I’m also finding it hard to ignore the obvious racism and chauvinism that is also being shown even more increasingly in the way people discuss the topic of gentrification and urban-renewal, along with the “white people” and minorities this is expected to attract to our communities. In the face of a perceived threat, some Latino people are once again trying to rebuild 1970s style nationalist protest movements to show dominance in this area.

ChakaArtist

Here we are talking about tribal and national symbols. Let us reflected on the growing tensions in Boyle Heights, and really consider how intentionally divisive and racially charged ways art, murals and nationalist symbols have been utilized in the eastside. How they are purposely employed to intimidate others out other races and nationalties out of our vicinity. We really need to reflect on how and why we need to move beyond this racial extremism, exclusivity and cultural hegemony. Notice it didn’t take long for this most infamous of the local graffiti inspired artists to validate my claims and understanding of this rhetoric for all of us.

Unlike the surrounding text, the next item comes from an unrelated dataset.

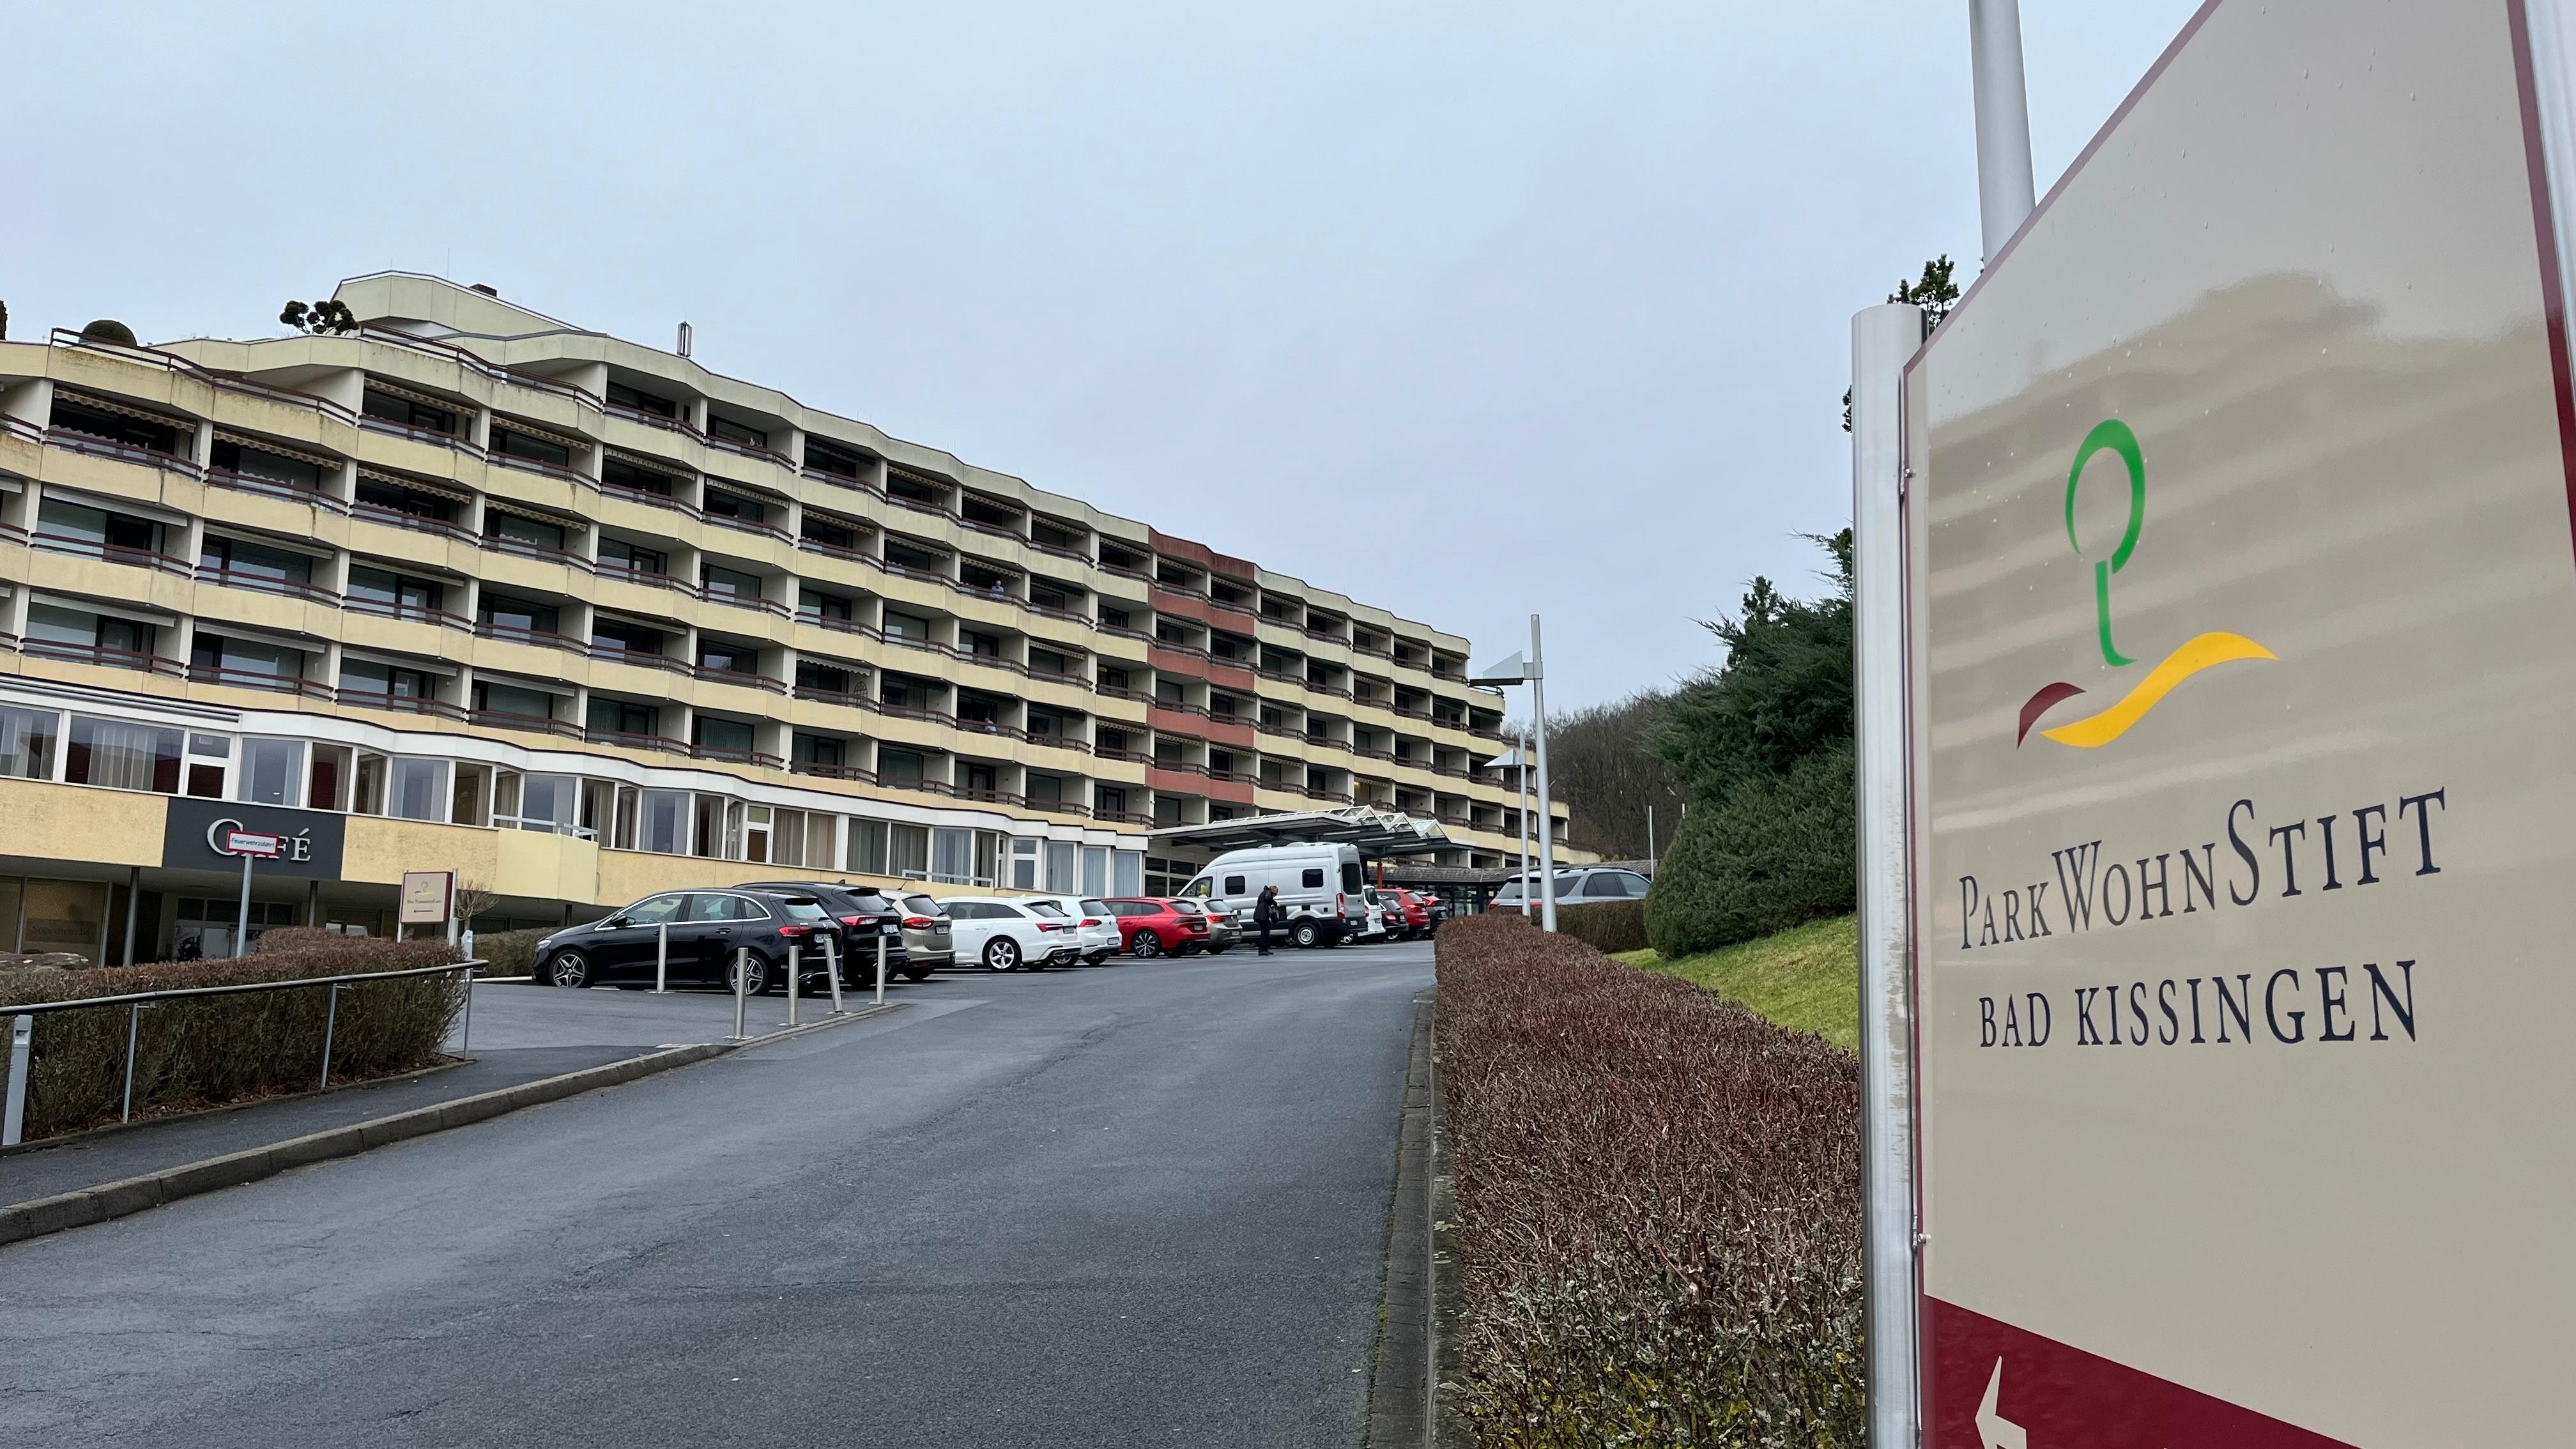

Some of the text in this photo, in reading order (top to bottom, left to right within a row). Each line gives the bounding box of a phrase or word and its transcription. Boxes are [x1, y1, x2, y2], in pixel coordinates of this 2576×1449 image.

As people of other races move in to the area one can’t help notice the rush to cover everything with a Mexican flag, armed revolutionaries or the Virgin of Guadalupe increases. Joining outdated slogans like, “Viva la raza” (meaning, long live our race) and the like which still theme this area. This all sits really badly with me, and I’m not at all quiet about it.

I challenge people on this. How can we attempt at being an open community in Boyle Heights when we cover our public housing in those areas exclusively in nationalistic and racially charged Chicano art? And by constantly covering everything with a Mexican flag? It’s not that I’m opposed to our ethnic art and cultural symbols being expressed in public. But I ask my people to consider if we are not being foolish in hollowing throwbacks from the most radical points of the civil rights movement. Could it be that nationalistic excesses in this art is sending a message that all other races and nationalities are not welcome here? Would it not be better for us as we grow as a community to mature into more inclusive tones? Is it not time that our nationalistic sentiments finally retire themselves, as the greater society moves beyond the ethnic divisions?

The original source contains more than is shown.